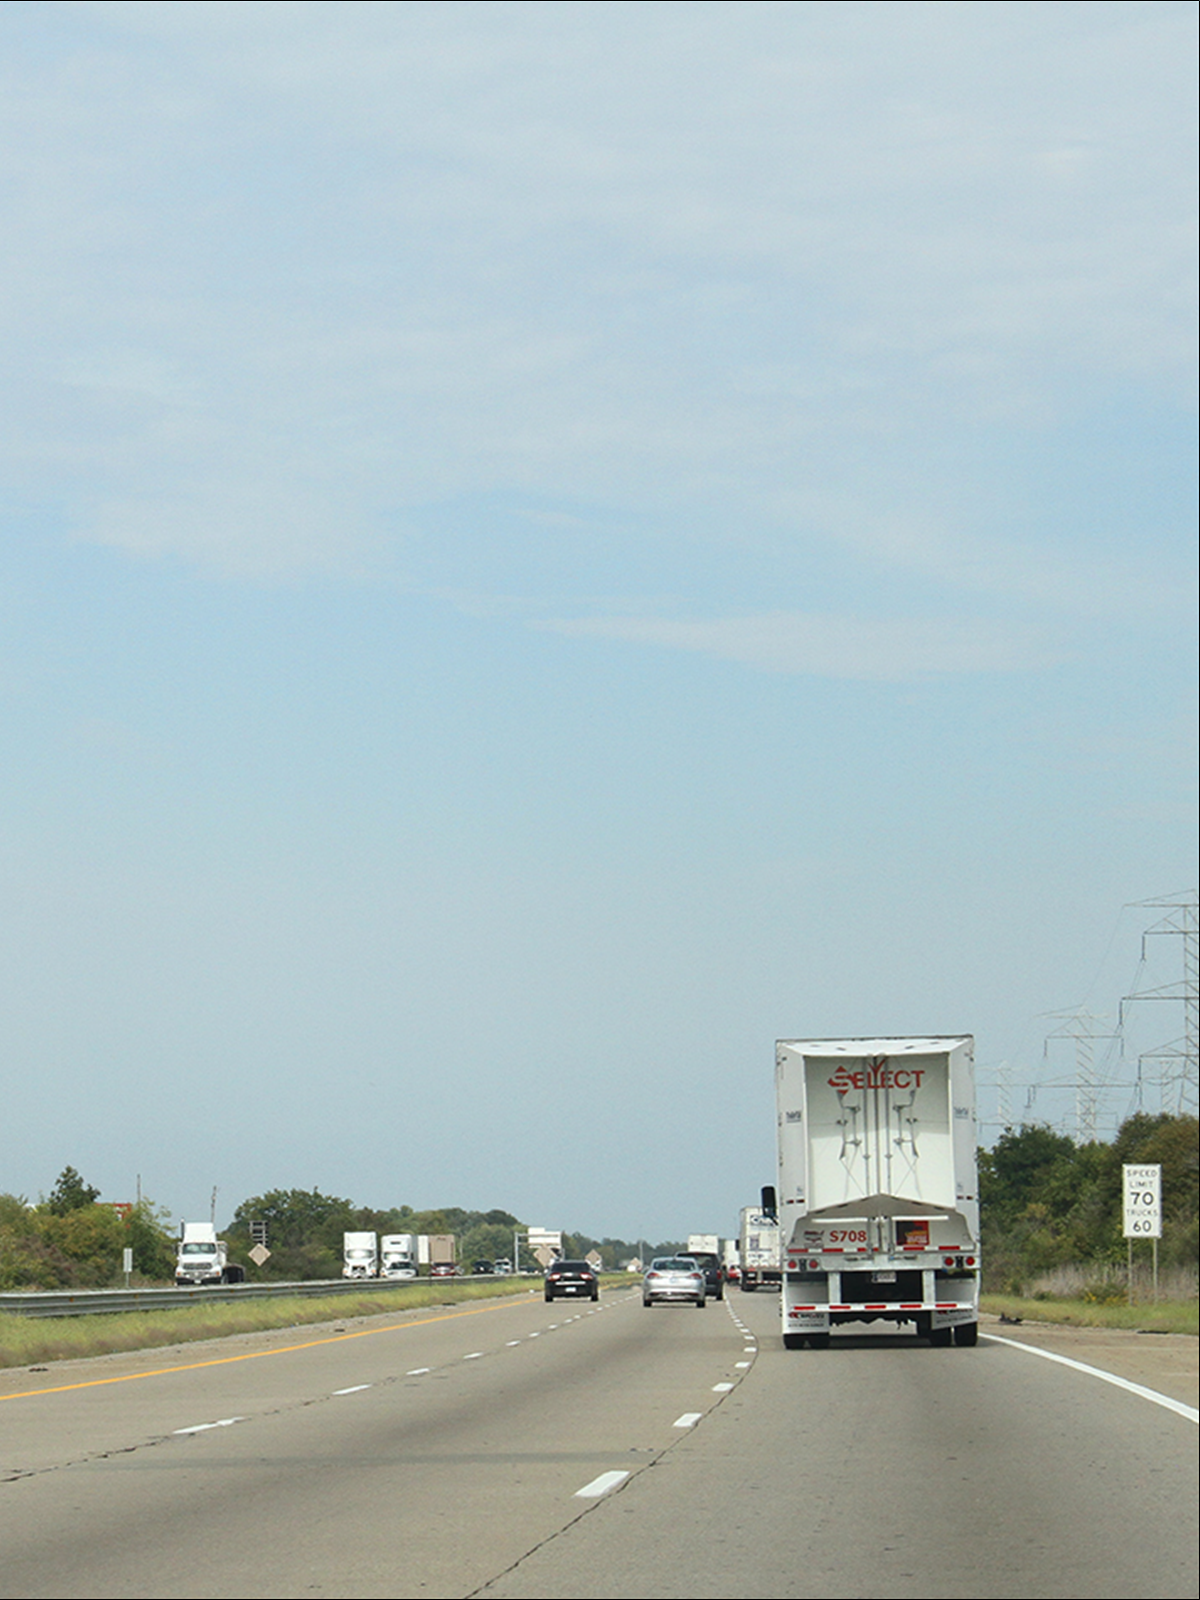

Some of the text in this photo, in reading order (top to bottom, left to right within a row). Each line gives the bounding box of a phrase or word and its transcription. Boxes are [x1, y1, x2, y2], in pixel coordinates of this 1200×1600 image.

[827, 1060, 925, 1096] SELECT
[1126, 1169, 1157, 1177] SPEED
[1130, 1191, 1154, 1205] 70
[1133, 1219, 1152, 1232] 60
[829, 1230, 867, 1243] S708

━━━━━━

Repeat every entry exactly, but leave out the pictures.

Some of the text in this photo, in reading order (top to bottom, left to right within a row). Each line gives the bounding box of a phrase or word and its transcription. Boxes are [x1, y1, x2, y2], in pixel coordinates of this 1200×1600 image.

[827, 1060, 925, 1096] SELECT
[1126, 1169, 1157, 1177] SPEED
[1130, 1191, 1154, 1205] 70
[1133, 1219, 1152, 1232] 60
[829, 1230, 867, 1243] S708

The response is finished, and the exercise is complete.